Spatial localization data >>
= Beginning of Section =
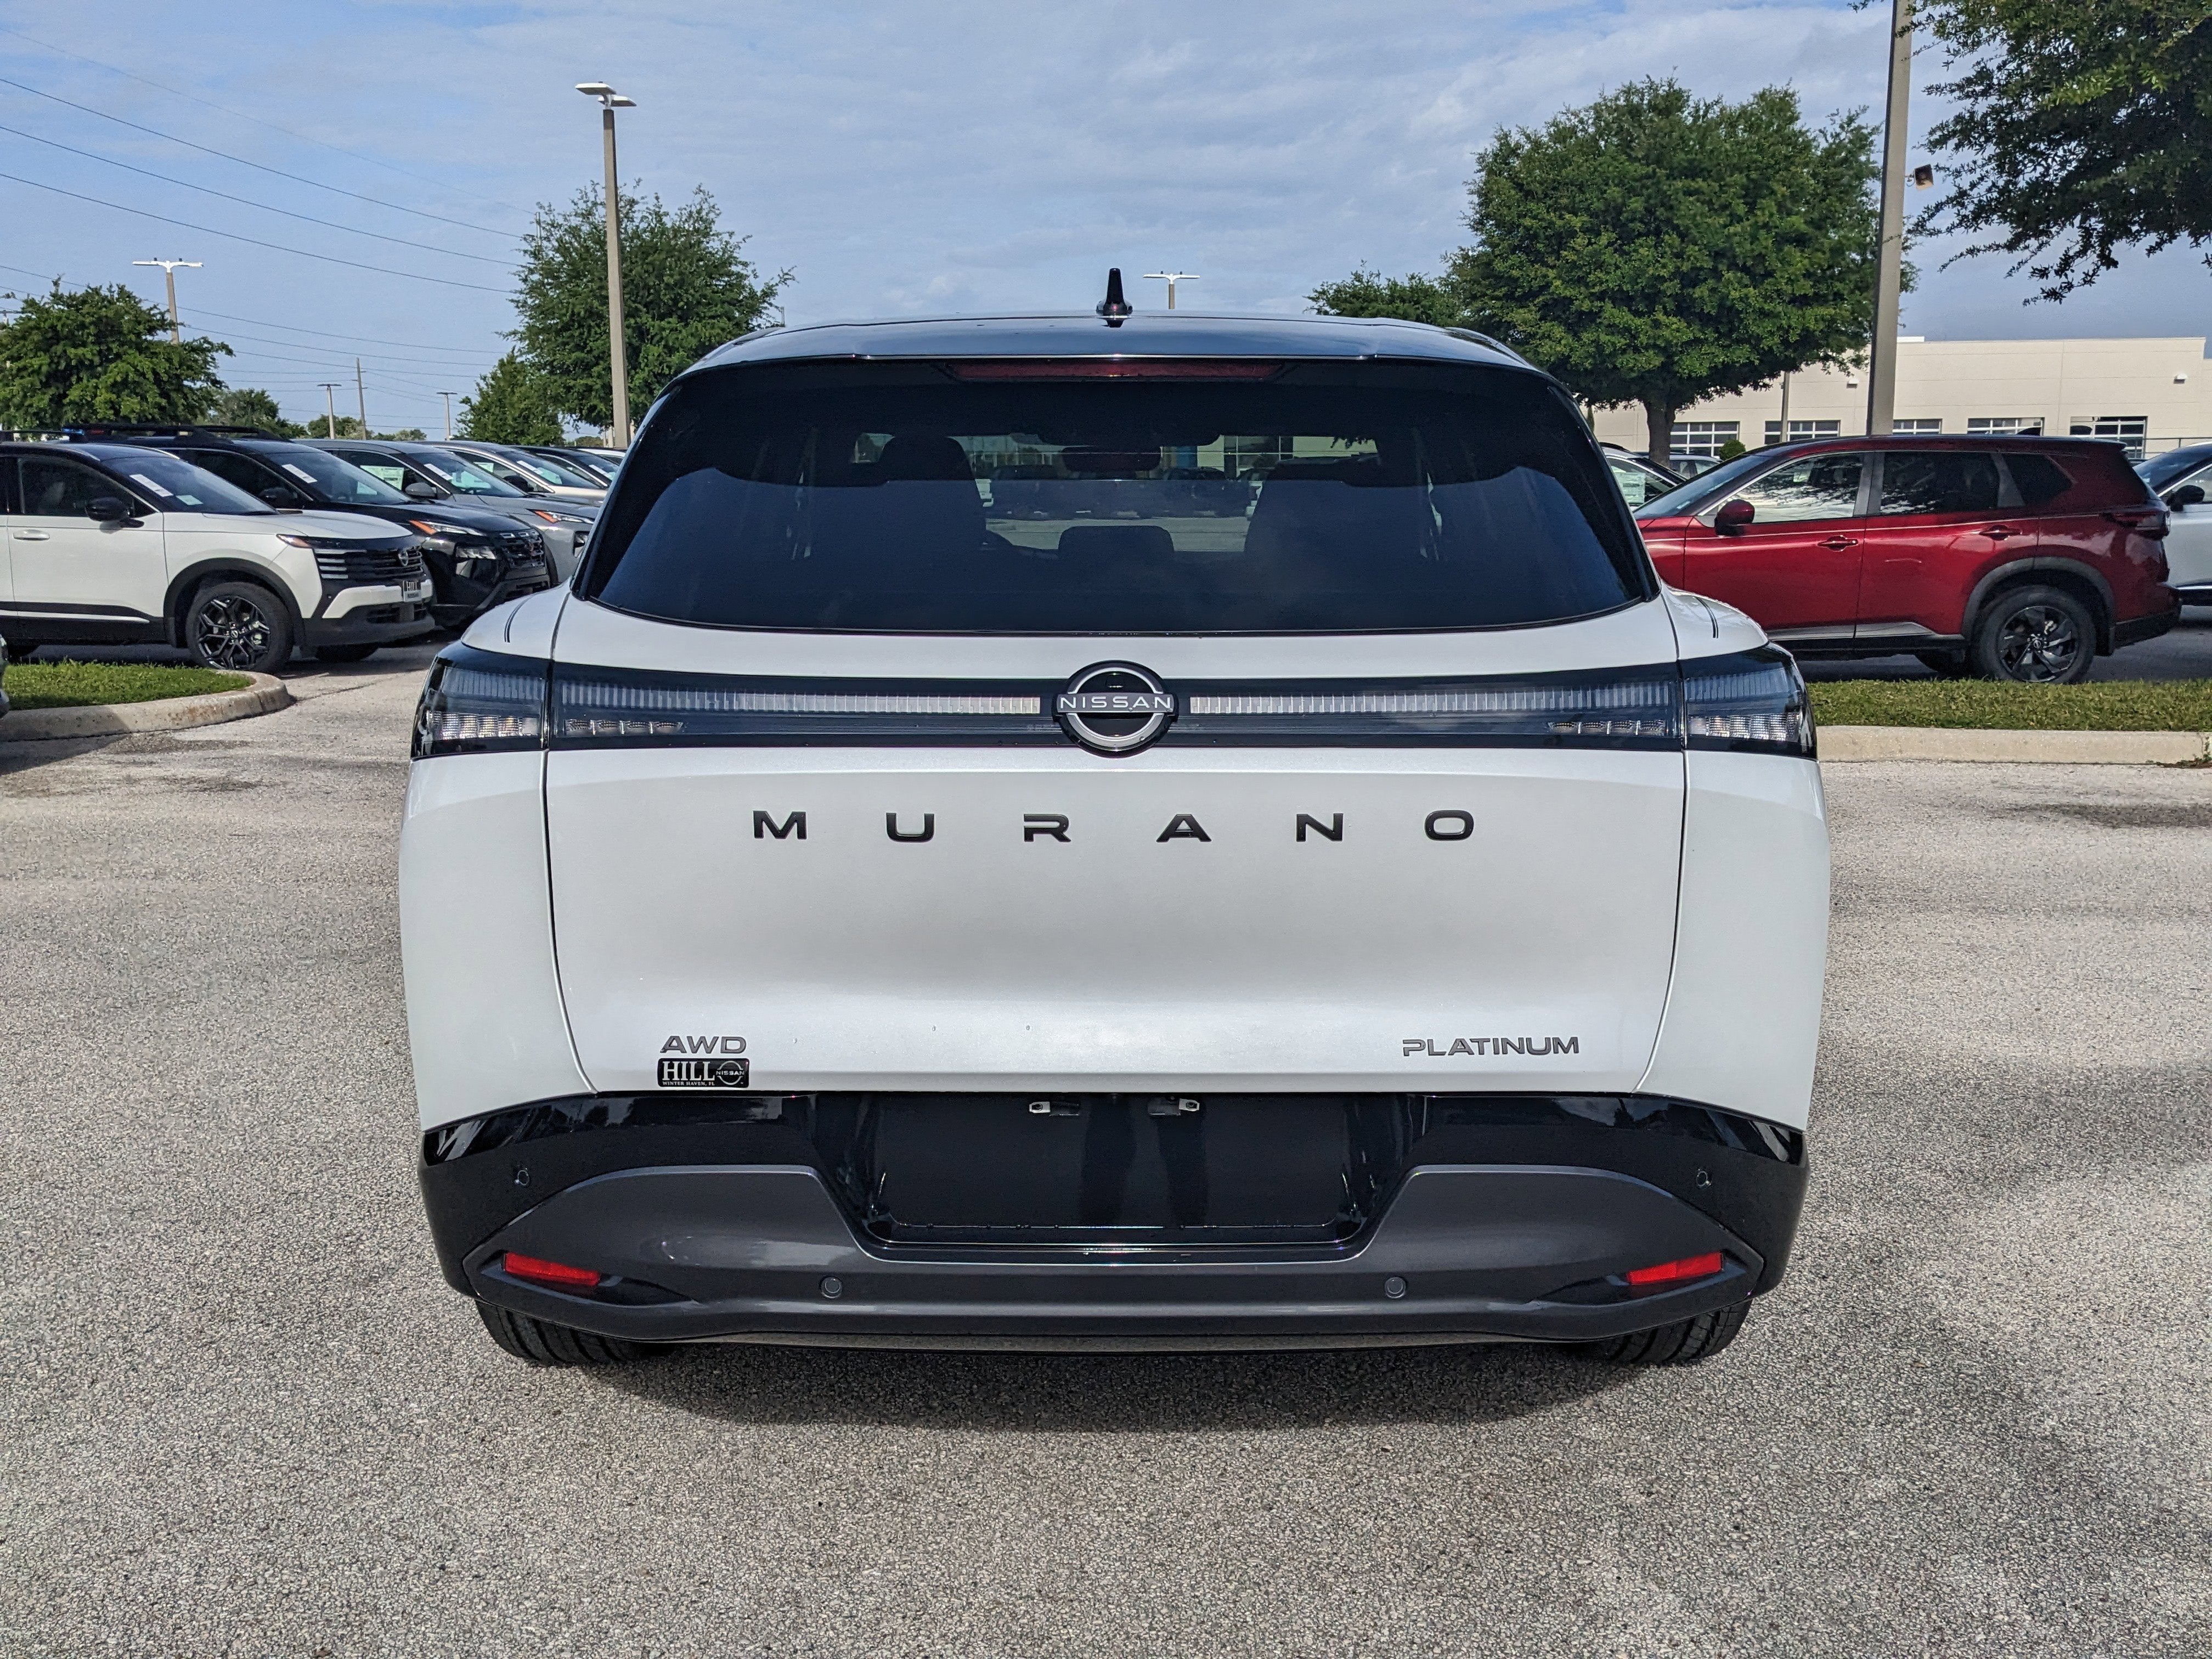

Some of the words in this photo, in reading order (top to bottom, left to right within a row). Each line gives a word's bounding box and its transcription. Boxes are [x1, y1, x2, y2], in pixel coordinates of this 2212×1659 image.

[1060, 696, 1171, 709] NISSAN
[753, 810, 1475, 843] MURANO
[659, 1035, 747, 1054] AWD
[1402, 1036, 1579, 1056] PLATINUM
[662, 1061, 715, 1081] HILL
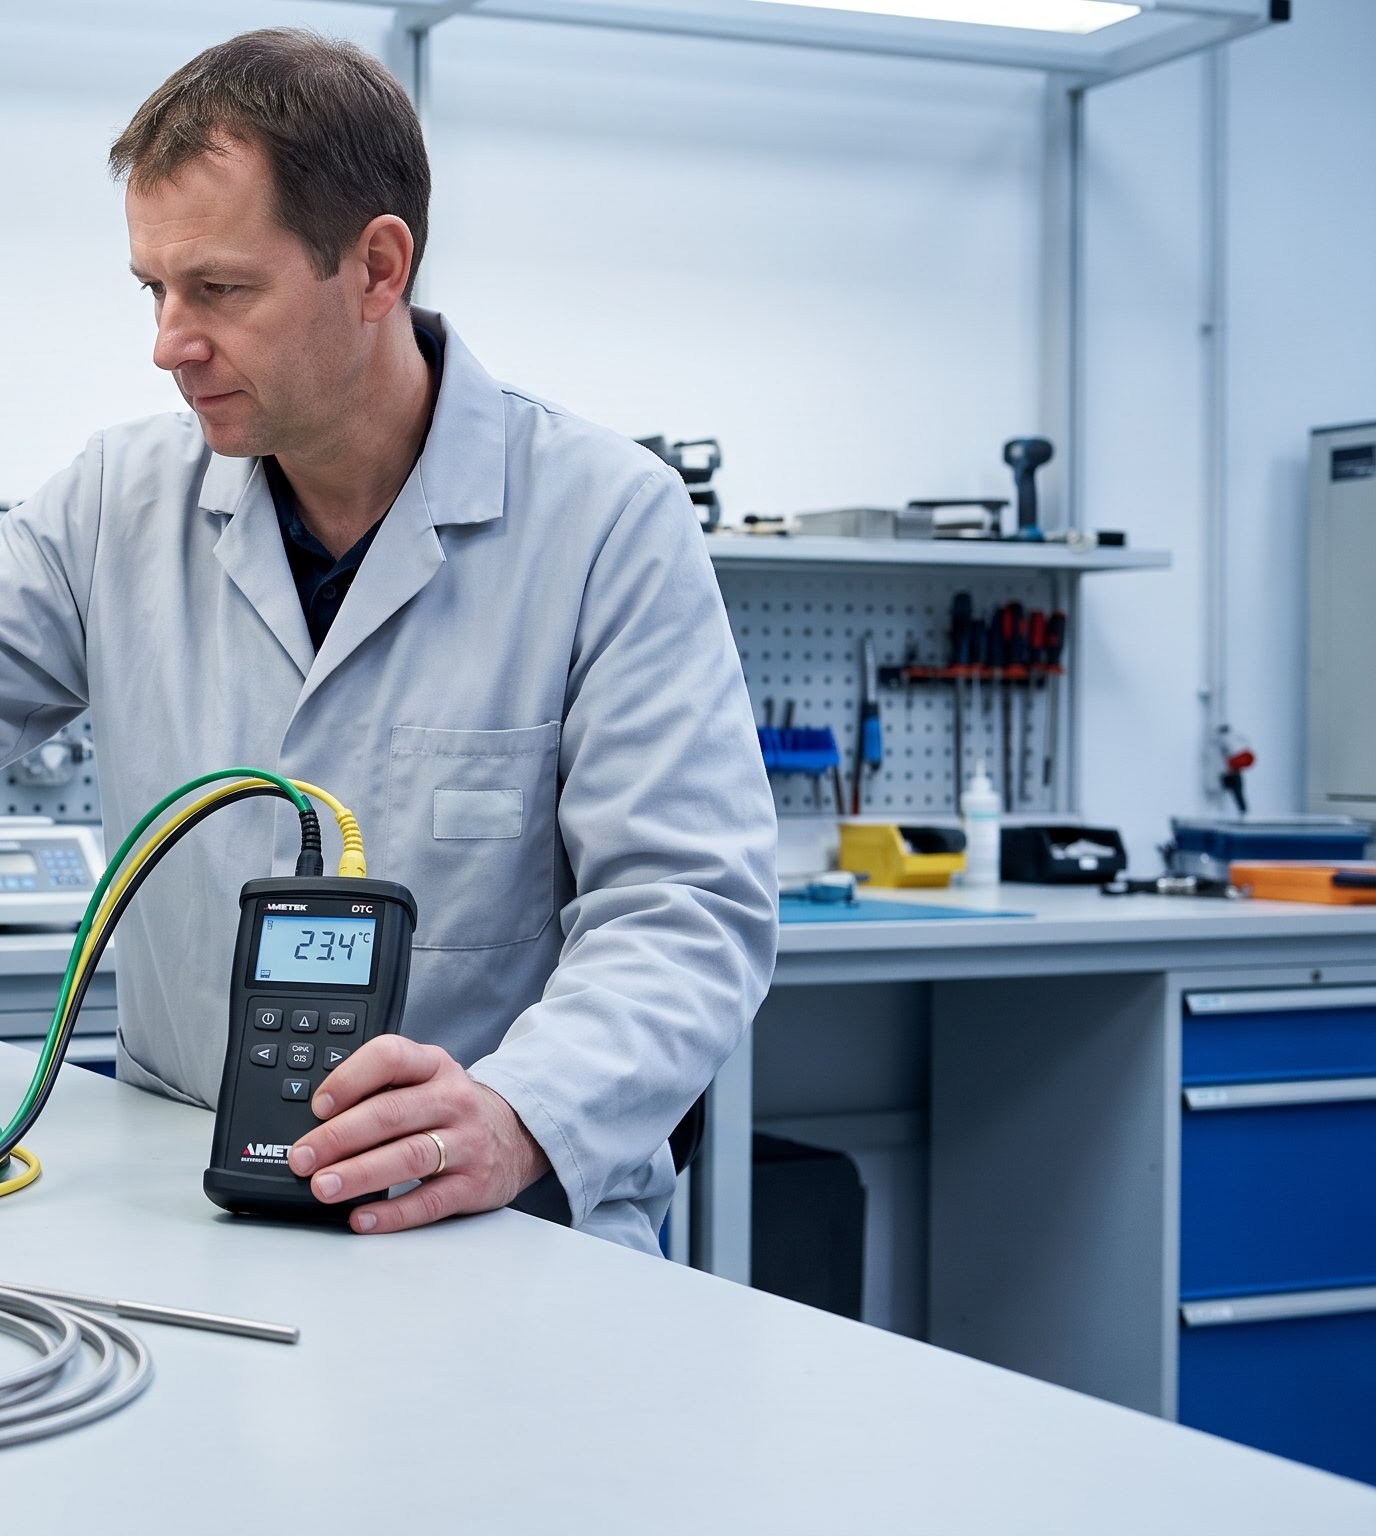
= End of Section =
What to work on >> Pictures are to be left out; the records above must be repeated word for word.

Solution to the exercise >>
Some of the words in this photo, in reading order (top to bottom, left to right within a row). Each line gives a word's bounding box and its transcription. Boxes are [x1, y1, x2, y2], in pixel coordinates of this 2212×1659 image.

[1060, 696, 1171, 709] NISSAN
[753, 810, 1475, 843] MURANO
[659, 1035, 747, 1054] AWD
[1402, 1036, 1579, 1056] PLATINUM
[662, 1061, 715, 1081] HILL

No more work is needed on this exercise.